| Assignment |
Present exactly, and only, the lines running from the line that contains "this 2000×1231 image." through the end of the entries below.
Input data Block Start
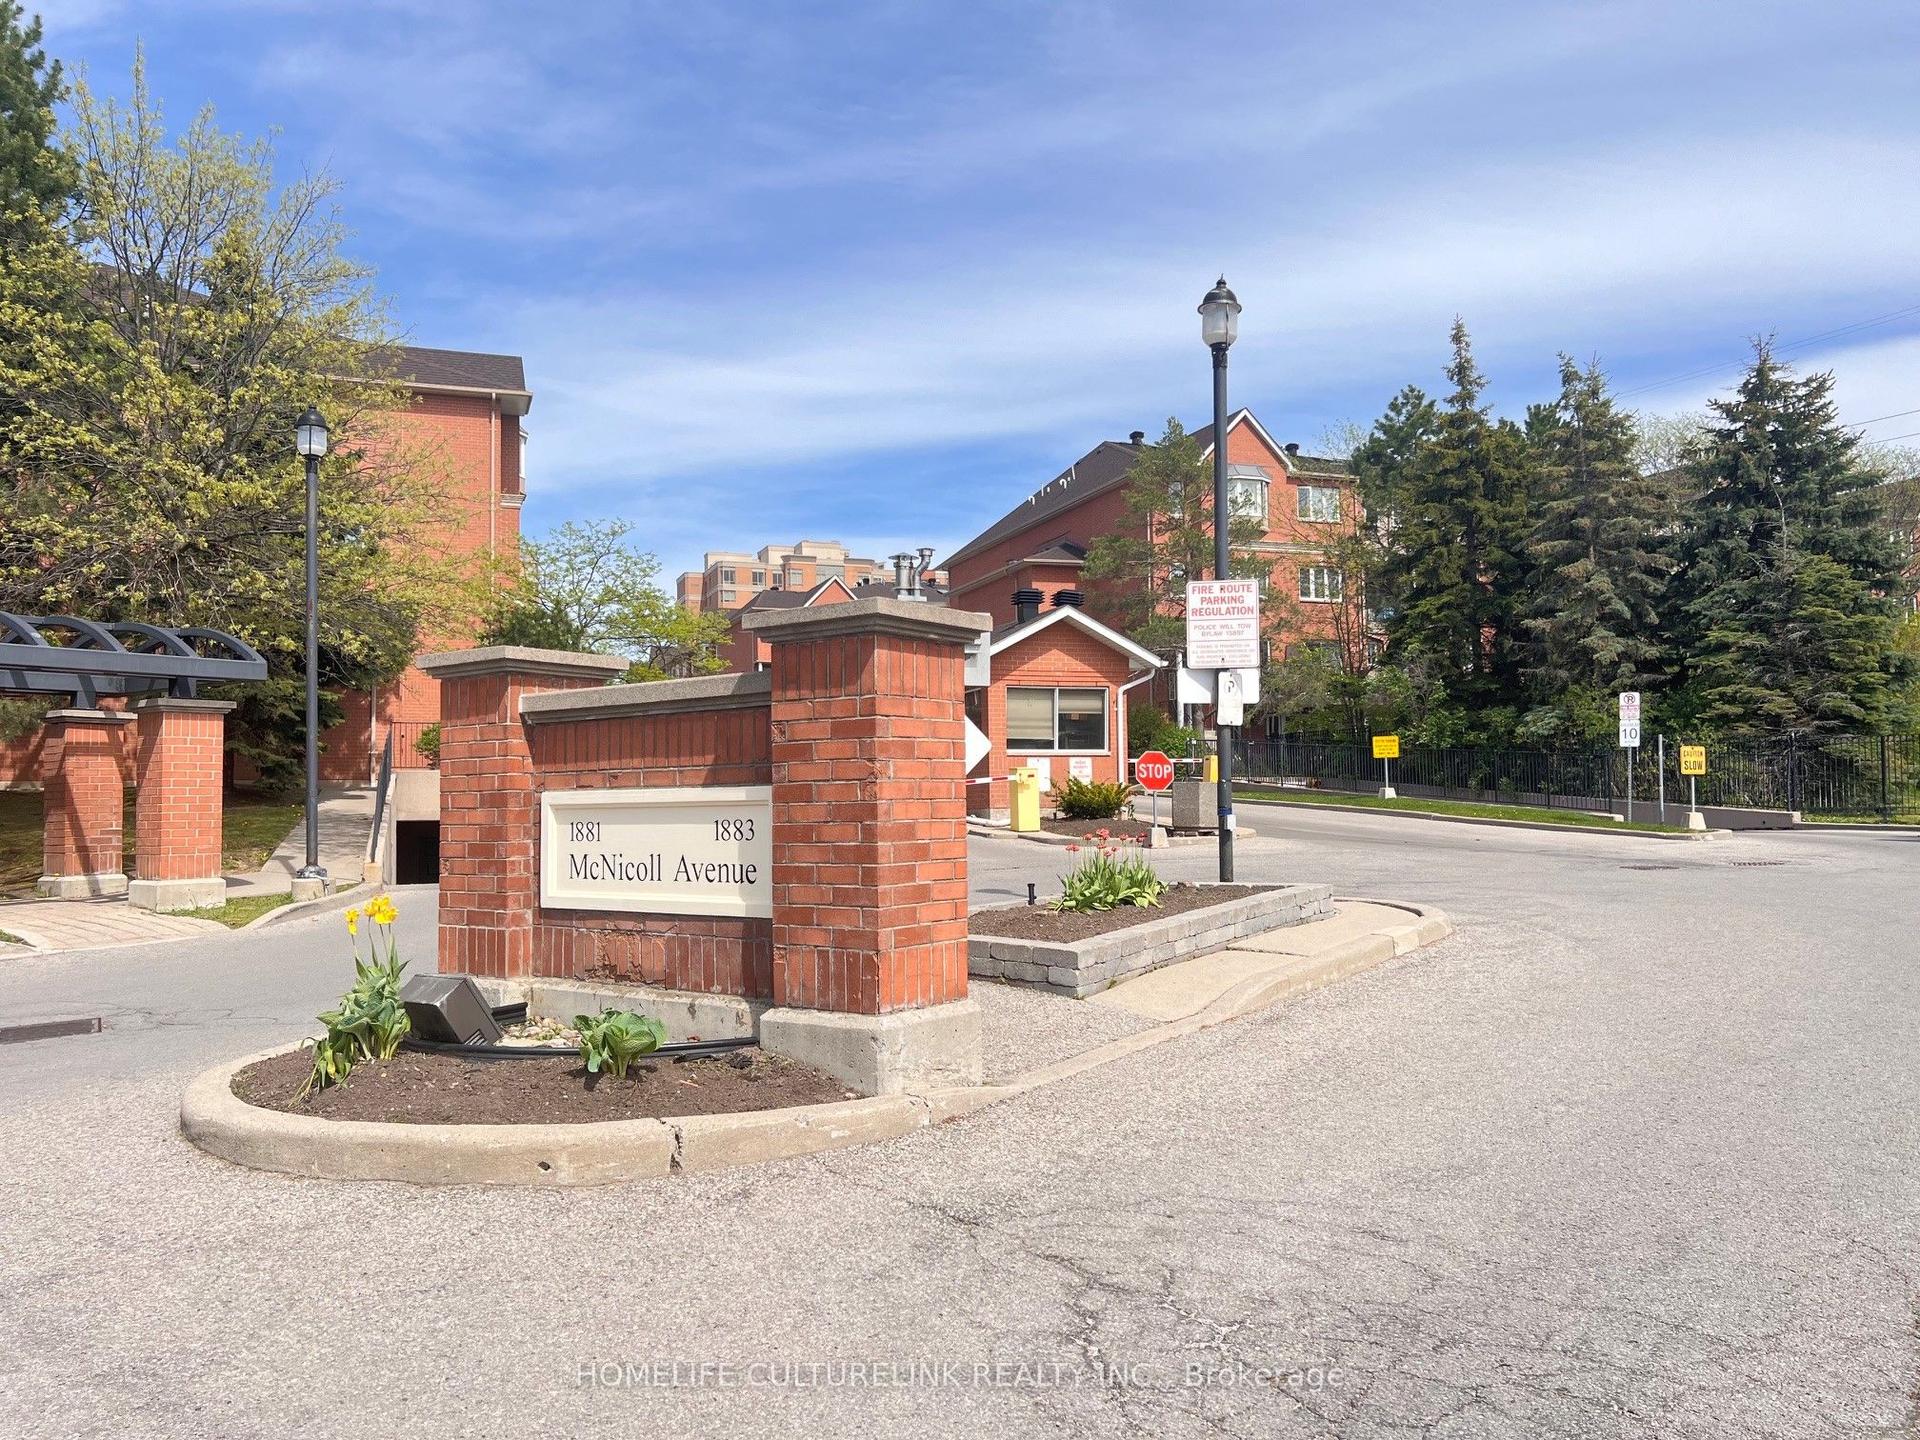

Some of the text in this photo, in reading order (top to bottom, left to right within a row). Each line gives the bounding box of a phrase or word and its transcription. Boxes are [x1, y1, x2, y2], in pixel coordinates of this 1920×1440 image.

[1191, 584, 1253, 595] FIRE ROUTE
[1200, 595, 1245, 605] PARKING
[1191, 606, 1254, 617] REGULATION
[1622, 727, 1638, 739] 10
[1138, 763, 1172, 779] STOP
[1684, 760, 1703, 771] SLOW
[569, 818, 755, 842] 1881 1883
[569, 853, 758, 885] McNicoll Avenue
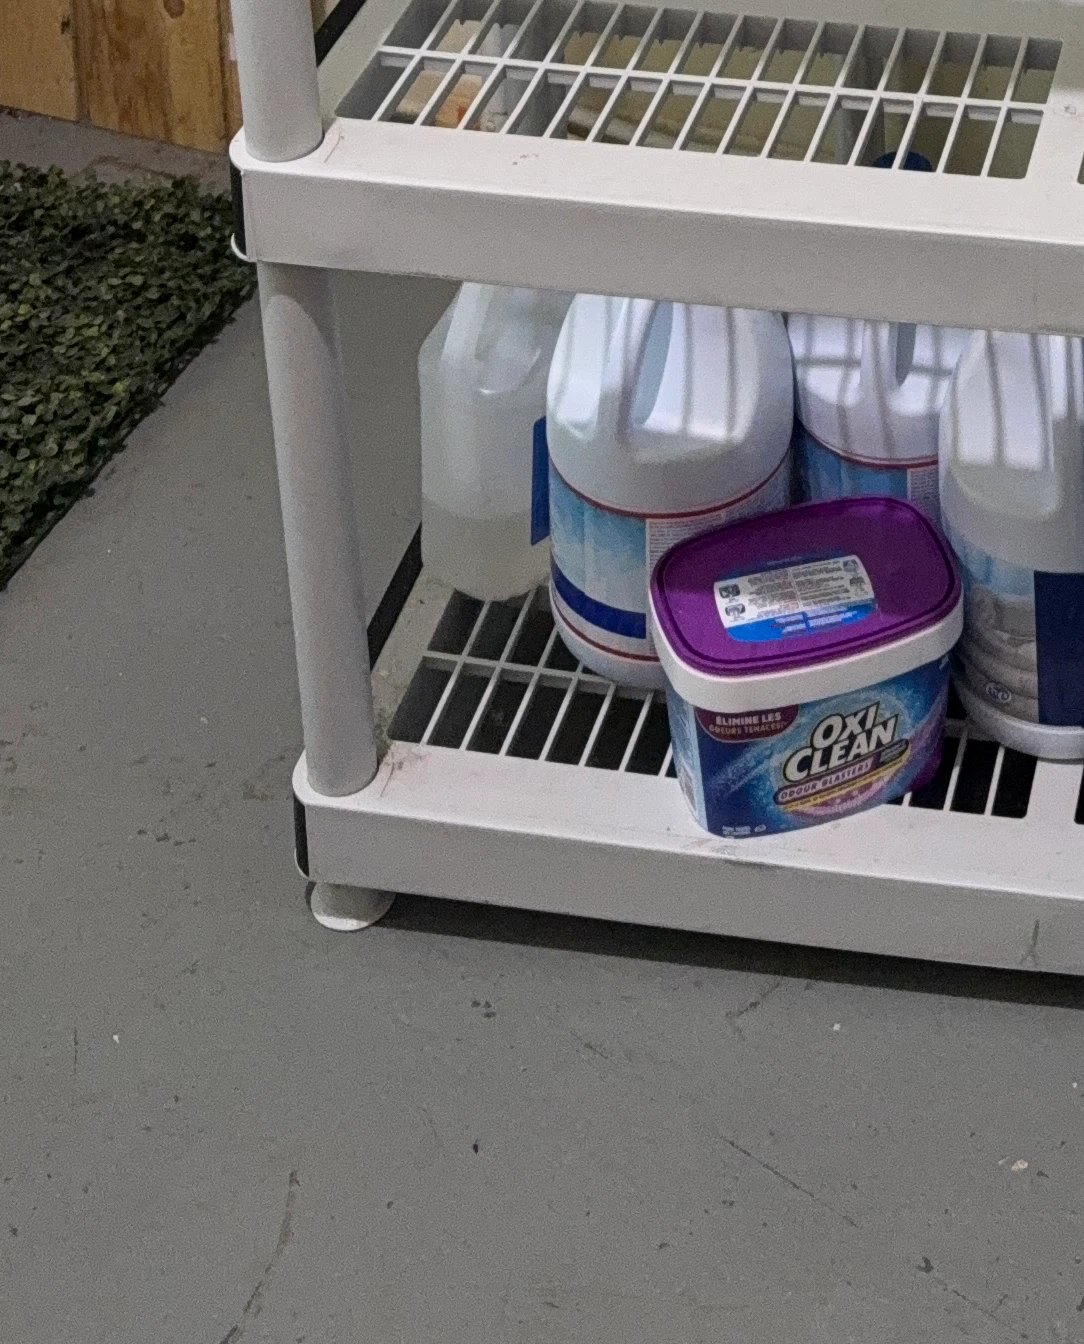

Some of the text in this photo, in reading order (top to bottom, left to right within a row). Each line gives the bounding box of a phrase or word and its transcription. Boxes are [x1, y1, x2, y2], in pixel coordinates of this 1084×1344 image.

[715, 711, 782, 726] ÉLIMINE LES
[813, 702, 879, 749] OXI
[785, 715, 897, 781] CLEAN
[779, 782, 818, 801] ODOUR
[820, 760, 871, 789] BLASTERS
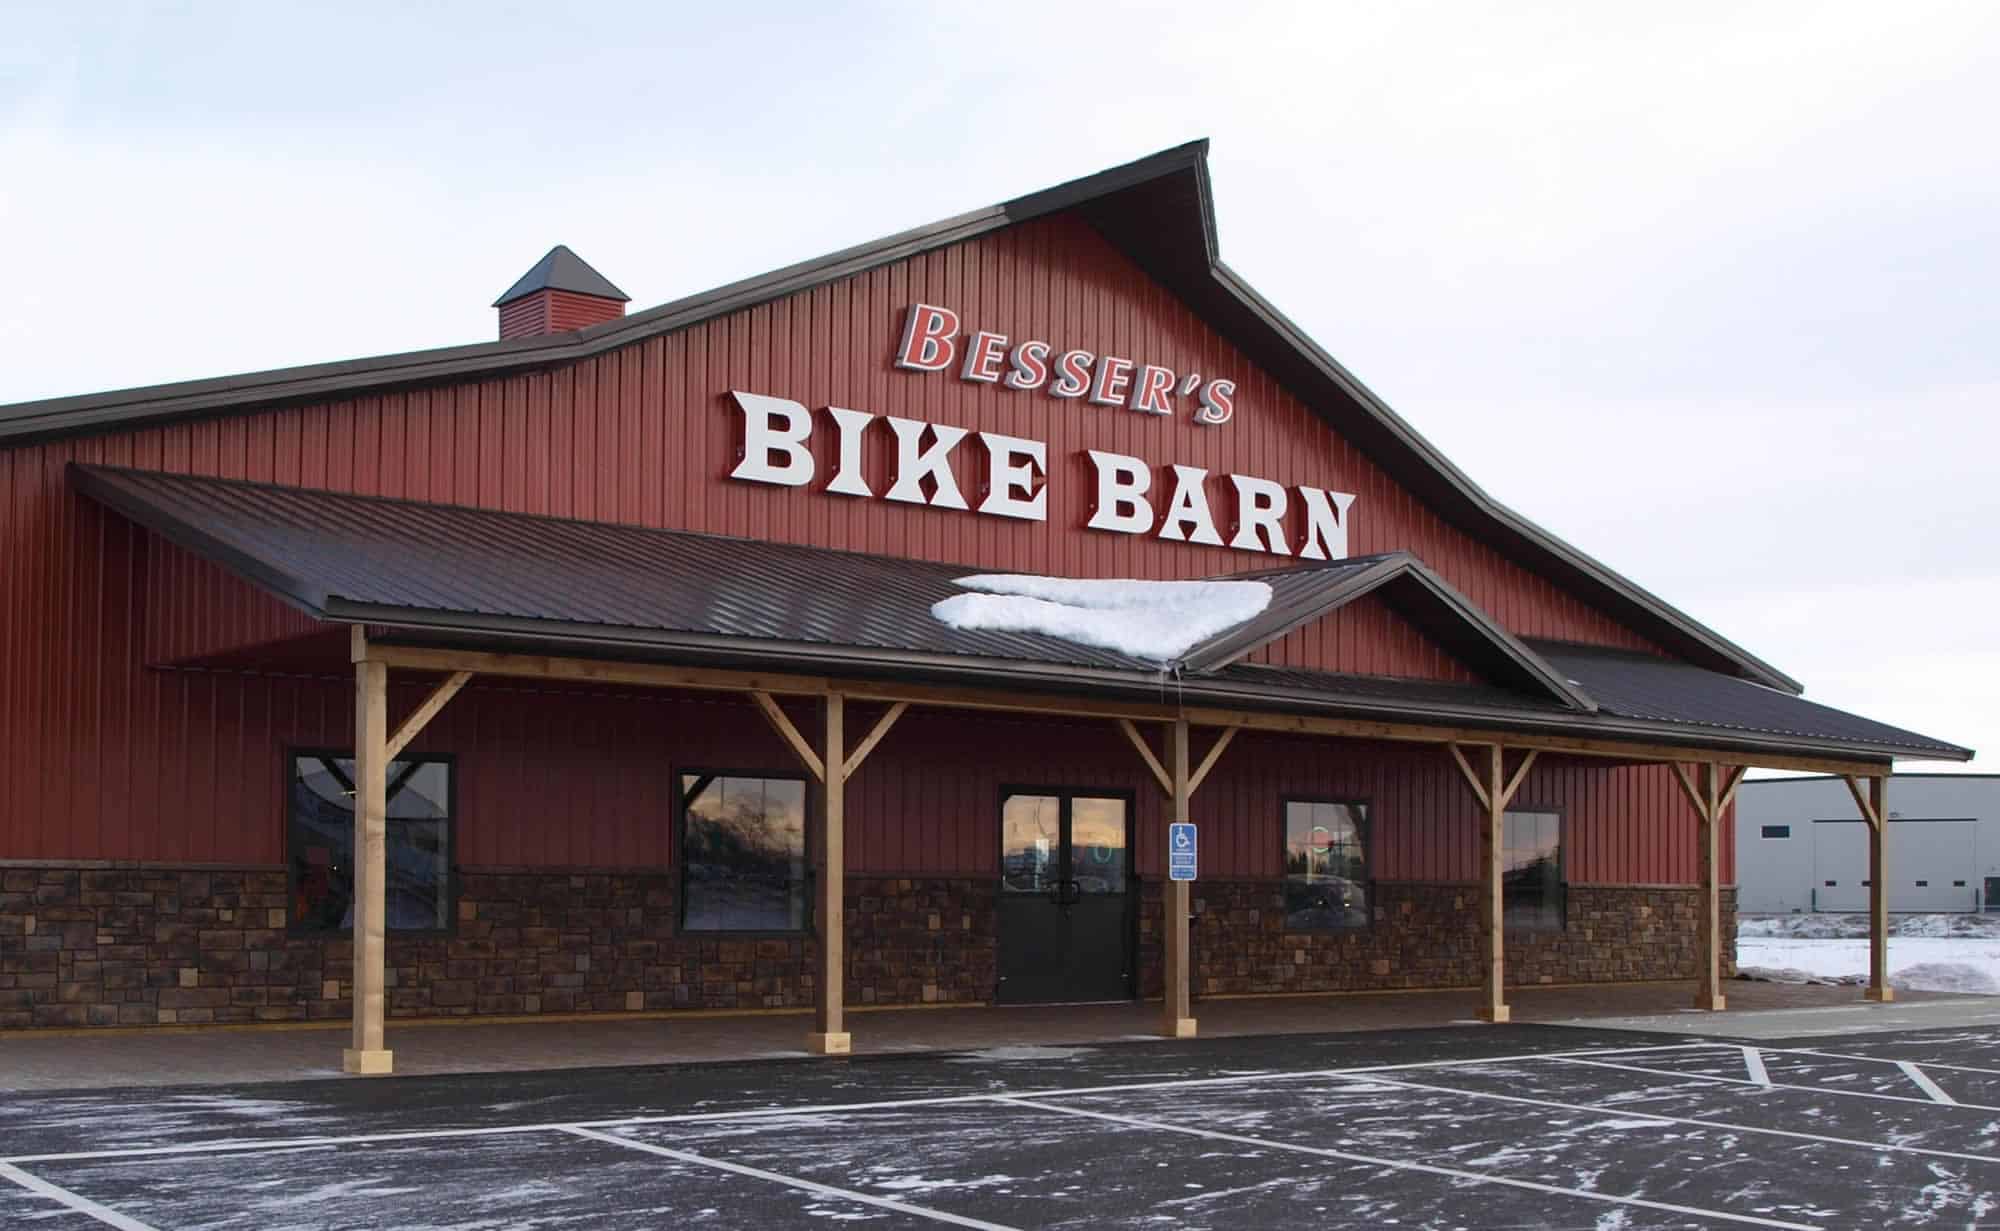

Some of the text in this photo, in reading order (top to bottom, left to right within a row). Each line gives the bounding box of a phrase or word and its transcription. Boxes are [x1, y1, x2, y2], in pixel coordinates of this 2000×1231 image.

[896, 302, 1236, 425] BESSER'S
[730, 390, 1356, 561] BIKE BARN
Input data Block End
| Answer section |
Some of the text in this photo, in reading order (top to bottom, left to right within a row). Each line gives the bounding box of a phrase or word and its transcription. Boxes are [x1, y1, x2, y2], in pixel coordinates of this 2000×1231 image.

[896, 302, 1236, 425] BESSER'S
[730, 390, 1356, 561] BIKE BARN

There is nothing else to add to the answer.